Drugs that block tyrosine kinases (National Cancer Institute, 2004):
- Axitinib (Inlyta®) – a highly selective, potent inhibitor of VEGF receptors 1, 2, and 3 (VEGFR-1, VEGFR-2, and VEGFR-3); is administered orally
- Pazopanib (Votrient®) – blocks VEGFR-1, VEGFR-2, VEGFR-3, PDGFR, and c-KIT and is administered orally
- Sorafenib (Nexavar®) – blocks cRAF, bRAF, KIT, FLT-3, VEGFR-2, VEGFR-3, and PDGFR-β and is administered orally
- Sunitinib (Sutent®) – blocks VEGFR-1, VEGFR-2, PDGFR, c-Kit and is administered orally
Drugs that block mTOR (National Cancer Institute, 2004):
- Everolimus (Afinitor®) – blocks mTOR and is used after other drugs such as sorafenib and sunitinib have been tried; administered orally
- Temsirolimus (Torisel®) – blocks mTOR and is administered intravenously
A drug that binds VEGF (National Cancer Institute, 2004):
- Bevacizumab (Avastin®) – a biologic antibody that binds directly to VEGF to inhibit angiogenesis; administered intravenously; may be used in combination with interferon-α
Considerations for Researchers
Kidney Cancer Sample Availability
While the majority of kidney cancer cases are detected early, biopsies are not usually performed, as imaging tests typically provide the physician with enough information to decide if surgery should be performed. Historically, the availability of kidney cancer samples and tissue for early stages should be good because early stage kidney cancers are often surgically removed. However, if you are searching for kidney cancer samples collected prior to treatment, please note that recent trends have moved towards treatment prior to surgery, so your chances of finding untreated samples may be better if you are working with an organization that has access to CAP graduated archival samples. Surgical resection is often performed for metastatic renal cell carcinoma as well, so tissue samples may be available, excepting in the case of sarcomatoid RCC as patients with this type do not usually benefit from surgery (American Cancer Society 2011; Thompson, 2009). Biopsies for stage III and IV may be available but are hard to obtain because they are often used by the clinic and may not ever reach the clinic’s repository. Blood products may be available on a prospective basis.

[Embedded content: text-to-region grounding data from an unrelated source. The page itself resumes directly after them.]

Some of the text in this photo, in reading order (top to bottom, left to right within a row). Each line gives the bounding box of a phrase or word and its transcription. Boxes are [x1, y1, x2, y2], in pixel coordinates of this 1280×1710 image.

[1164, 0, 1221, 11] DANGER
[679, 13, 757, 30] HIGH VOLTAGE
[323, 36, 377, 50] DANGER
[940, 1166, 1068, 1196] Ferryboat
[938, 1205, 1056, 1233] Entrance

For kidney cancer samples collected prospectively, plan ahead as collection times can exceed several months depending on your inclusion and exclusion criteria. Biomarker information is only available if it was collected as part of standard care at the time of treatment. Data mining fees may apply if you require specific biomarker criteria. Remember that many biorepositories and biobanks contain primarily FFPE samples that have been CAP graduated, which means that they are at ten years old, and data associated with the samples will reflect standard care as it was a decade ago.
The frequency of blood draws from cancer patients makes it relatively easy to prospectively collect blood derived kidney cancer samples like plasma and serum, but scientists need to be realistic about requesting volumes greater than 1 ml, custom collection protocols, or anything else that deviates from standard care. The more your collection requirements deviate from standard care, and the the harder the request will be to fill.

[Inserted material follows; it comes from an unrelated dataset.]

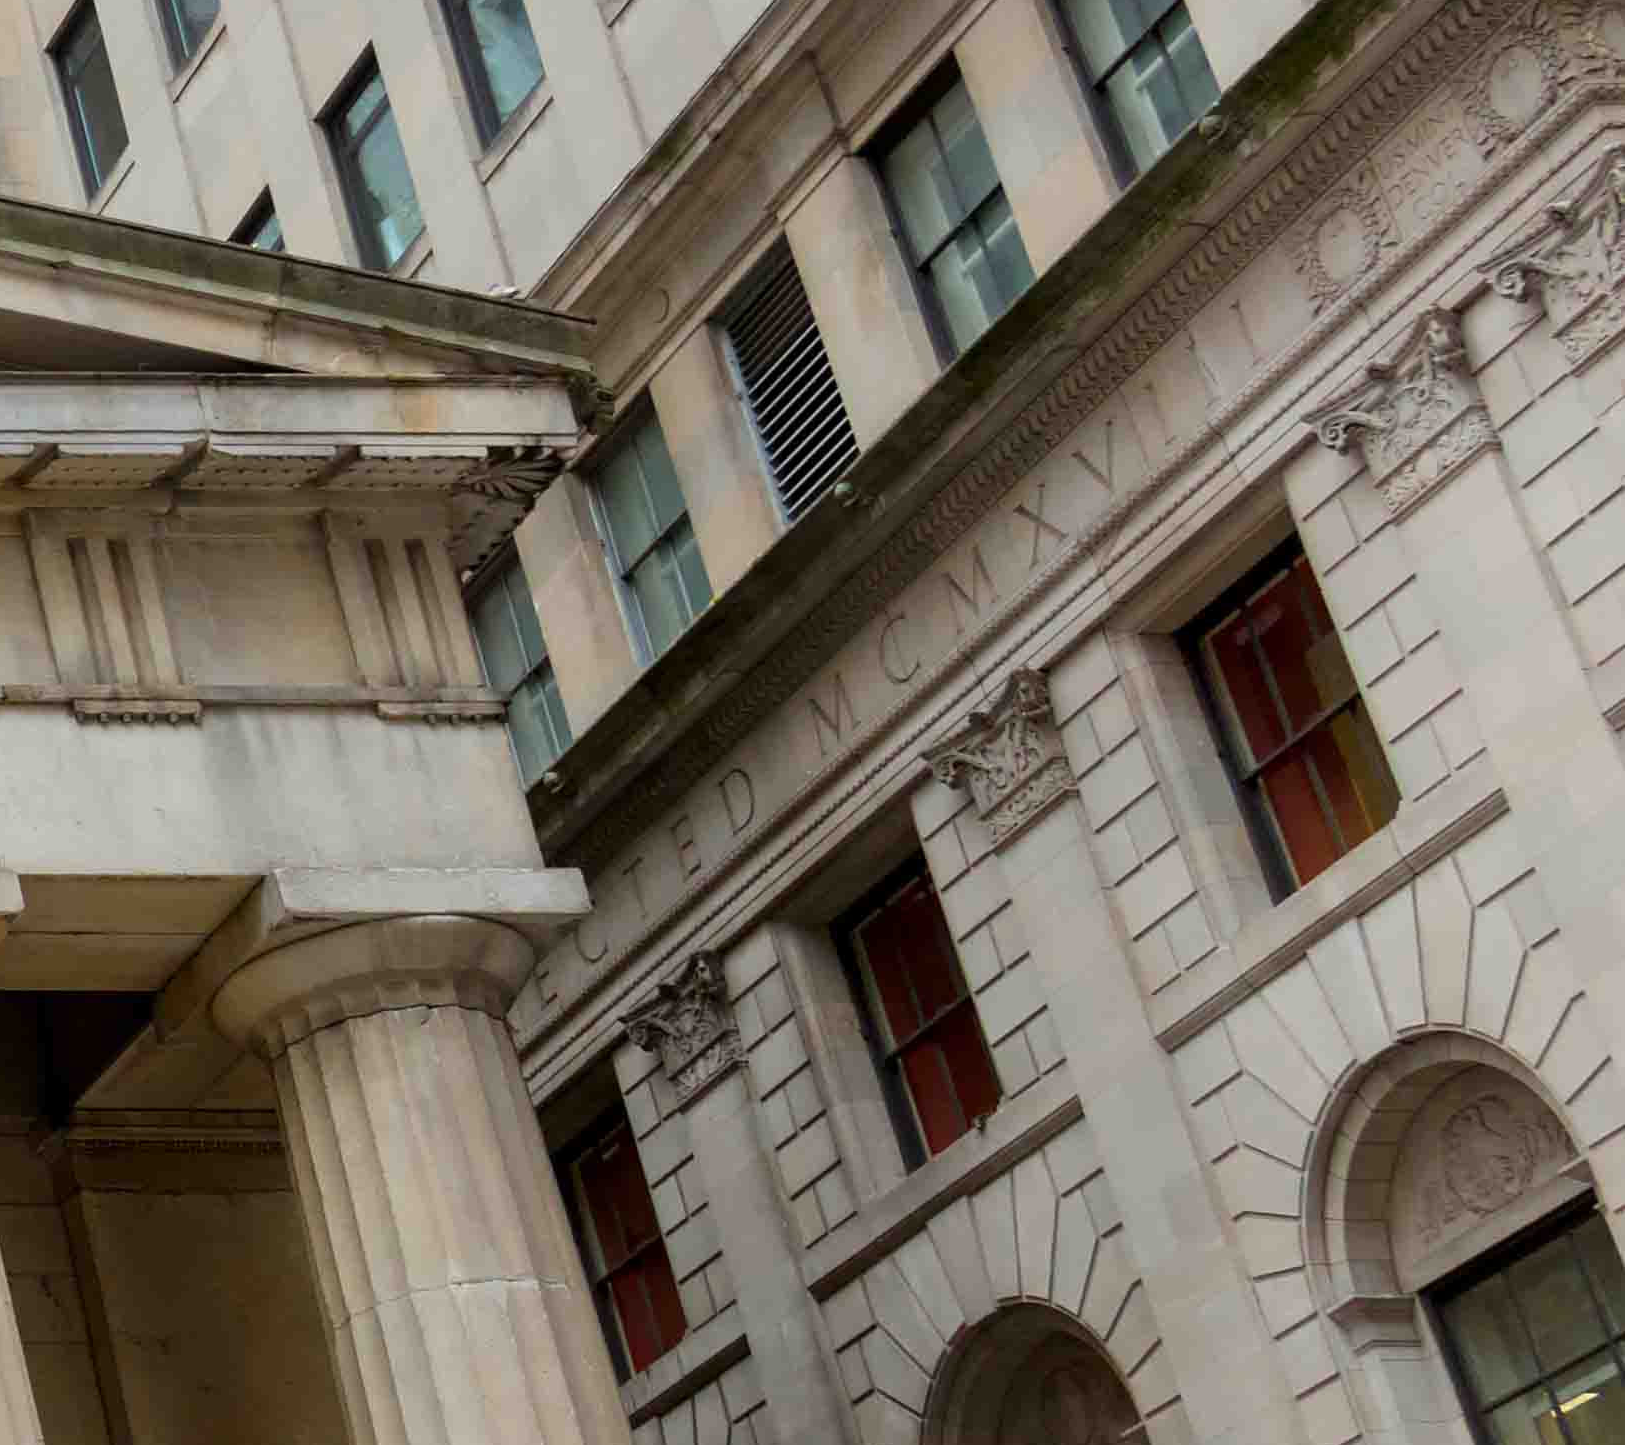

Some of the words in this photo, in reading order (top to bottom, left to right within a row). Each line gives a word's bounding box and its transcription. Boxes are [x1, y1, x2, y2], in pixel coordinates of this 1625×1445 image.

[1387, 126, 1468, 209] DENVER
[533, 767, 756, 1010] ECTED
[807, 300, 1264, 758] MCMXVIII

Lab-Ally has access to a CLIA certified lab, so biomarker screening of samples is possible, but this is unlikely to be cost effective unless you want to purchase all tested specimens regardless of their biomarker profile. If you only want kidney cancer samples with certain markers, remember that you will have to pay for testing of the ones that are negative too. A better alternative may be to purchase sections only for a suitable number of cases, screen them in your own lab using your preferred assay or third party, high volume genetic screening service, then request the blocks of interest.